How to Become a Disability Specialist in the US

disability specialist

A physical or mental disability can hinder a person from achieving his or her full potential. Disability specialists work to determine the severity of a disability in an affected person. They evaluate what the disabled can or cannot do under normal conditions. Employers, for instance, use this information to develop workplace modifications that can accommodate disabled employees.

If you are ready to make a difference in the lives of people with disabilities, you should read this to the end.

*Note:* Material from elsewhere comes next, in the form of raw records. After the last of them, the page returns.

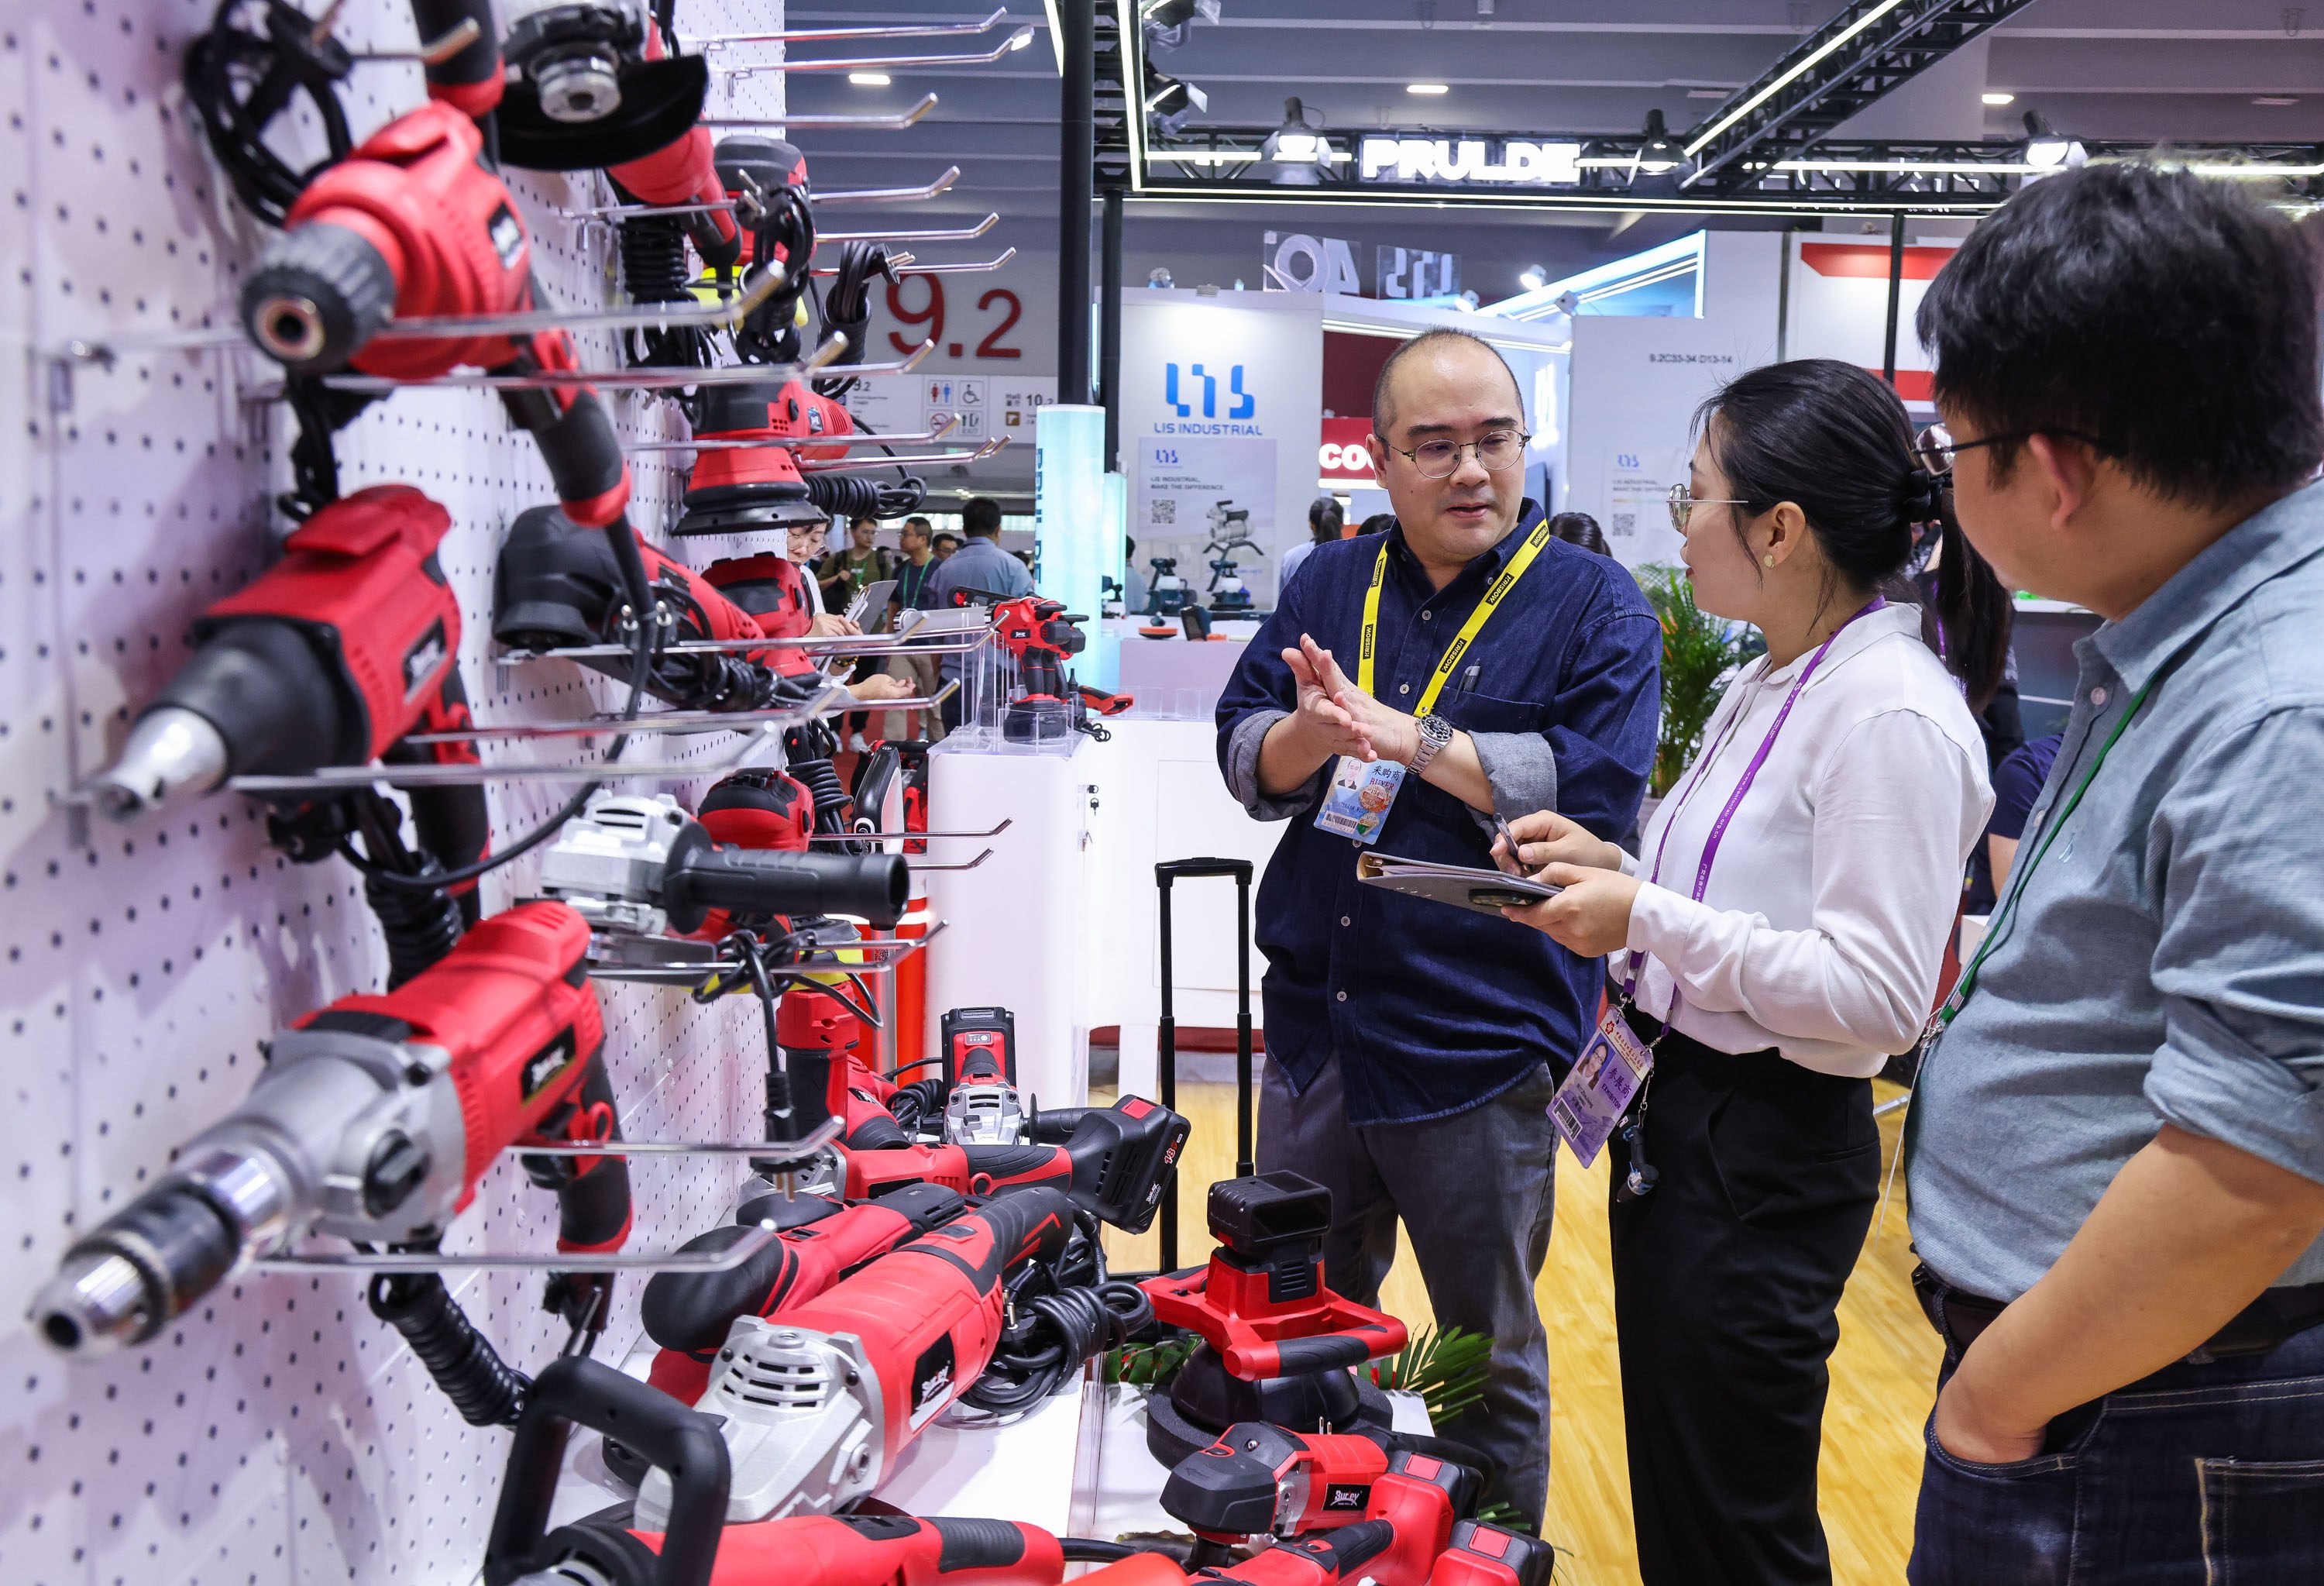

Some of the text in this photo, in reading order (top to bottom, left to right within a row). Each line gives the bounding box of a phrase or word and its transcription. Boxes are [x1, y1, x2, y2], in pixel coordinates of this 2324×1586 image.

[1363, 139, 1580, 182] PRULDE
[886, 272, 1021, 358] 9.2
[1153, 422, 1263, 435] LIS INDUSTRIAL
[1371, 765, 1401, 781] 采购商
[1601, 1082, 1622, 1111] EXHIBITOR
[1608, 1067, 1632, 1099] 参展商
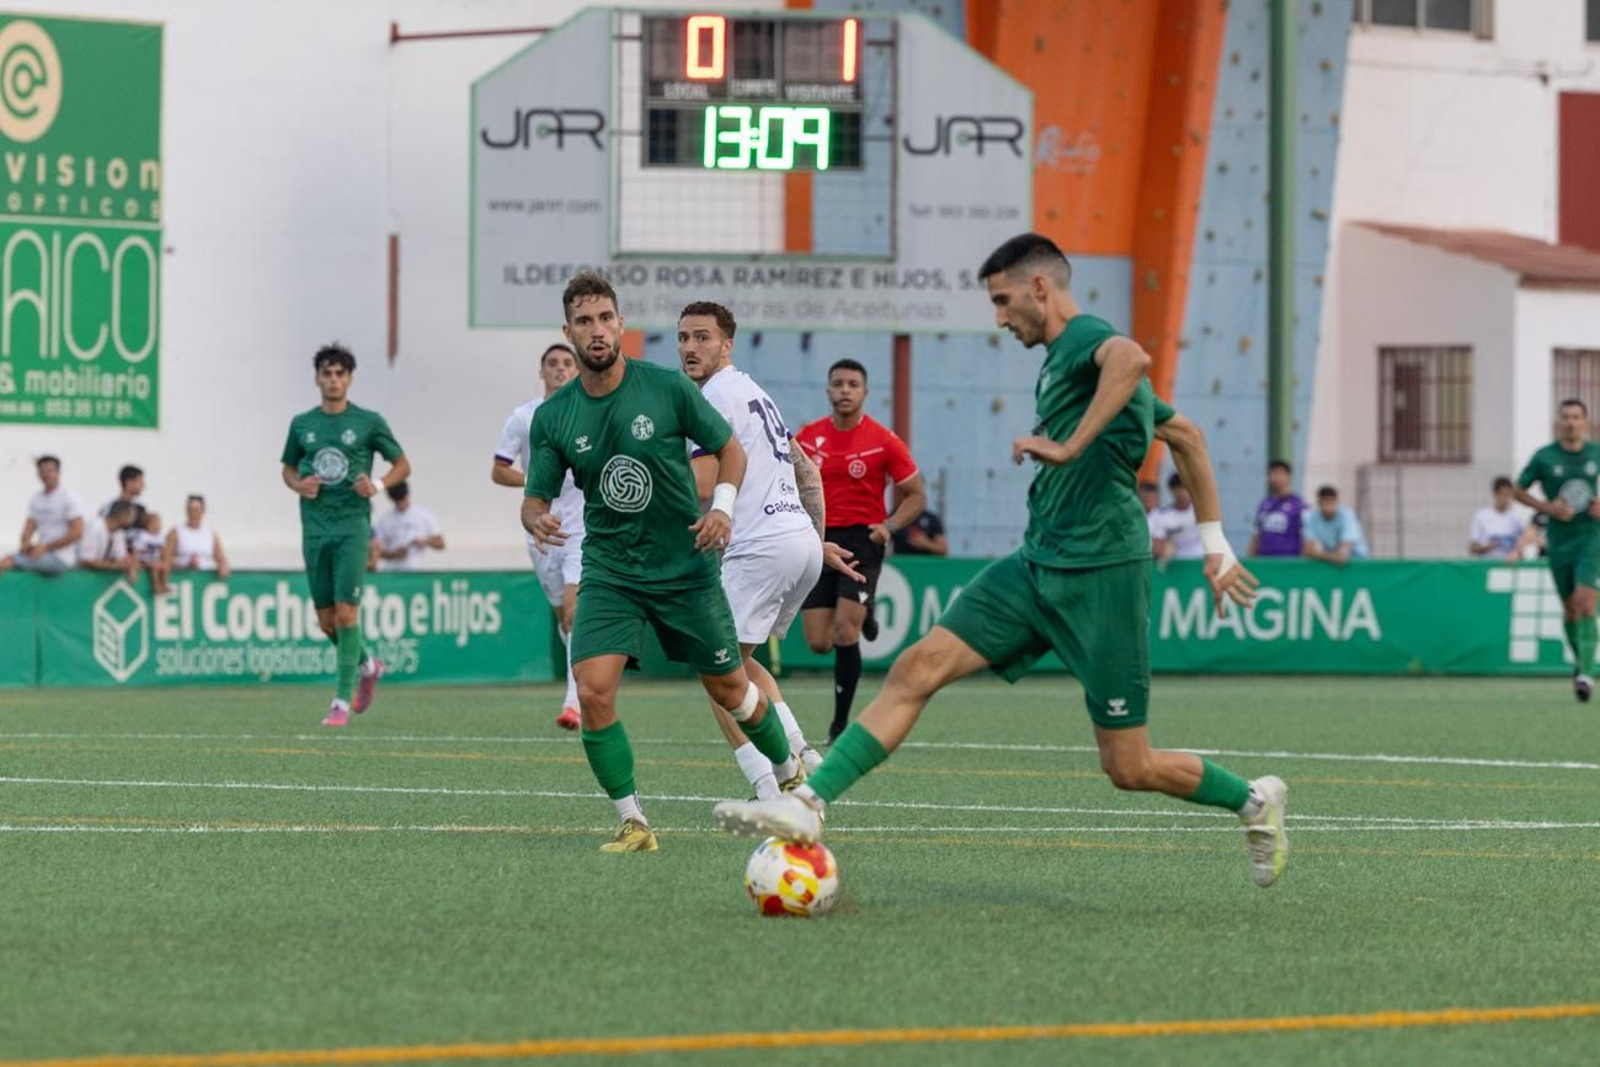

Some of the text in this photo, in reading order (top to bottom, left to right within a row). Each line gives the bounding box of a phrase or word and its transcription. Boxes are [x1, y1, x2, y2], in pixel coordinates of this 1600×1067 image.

[686, 15, 726, 80] 0
[843, 19, 857, 82] 1
[481, 106, 605, 150] JAR
[704, 106, 831, 170] 13:09
[903, 114, 1024, 158] JAR
[656, 265, 725, 288] ROSA
[852, 267, 865, 289] E
[832, 300, 947, 321] Aceitunas
[24, 364, 150, 399] mobiliario
[154, 580, 194, 640] El
[409, 592, 429, 635] e
[433, 579, 502, 647] hijos
[156, 642, 245, 676] soluciones
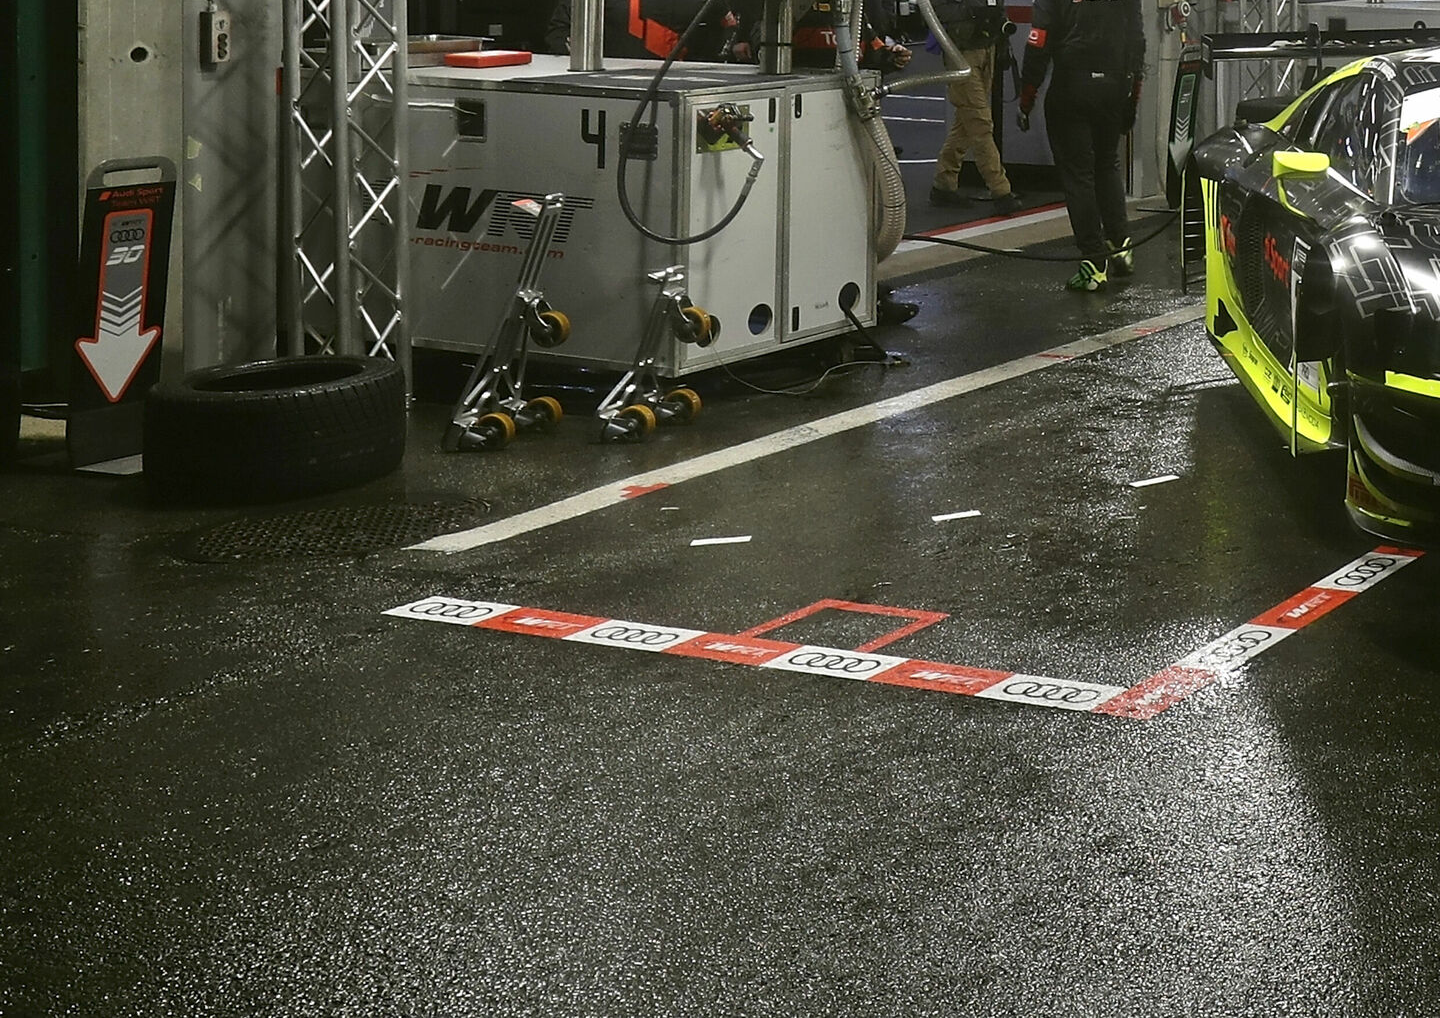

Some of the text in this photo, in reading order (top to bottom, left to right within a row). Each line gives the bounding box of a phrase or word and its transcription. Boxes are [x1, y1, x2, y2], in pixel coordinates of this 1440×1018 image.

What Do Disability Specialists Do?

Disability specialists work with diverse groups of people, ranging from young children to school students and the elderly. Their duties include:

  • Reviewing medical reports to determine the patient’s disability history
  • Assessing how a person with disability interacts with various environments – e.g. the interaction of disabled learned with classroom environments
  • Maintaining the confidentiality of patient’s health information
  • Compiling reports detailing their assessments and recommendations
  • Providing support, such as referring people with serious disabilities to physicians
  • Helping the disabled to understand their rights as outlined in the American’s with Disabilities Act
  • Keeping accurate records of disability assessment reports and other documents.

Work Environment

Disability specialists work from 9am to 5pm, Monday to Friday. Their work environment varies from job to job. For example, specialists employed in schools spend some of their time in classrooms where they observe students with disabilities. Those who work for companies that provide assessment services travel regularly to patient’s homes or healthcare facilities to conduct assessments.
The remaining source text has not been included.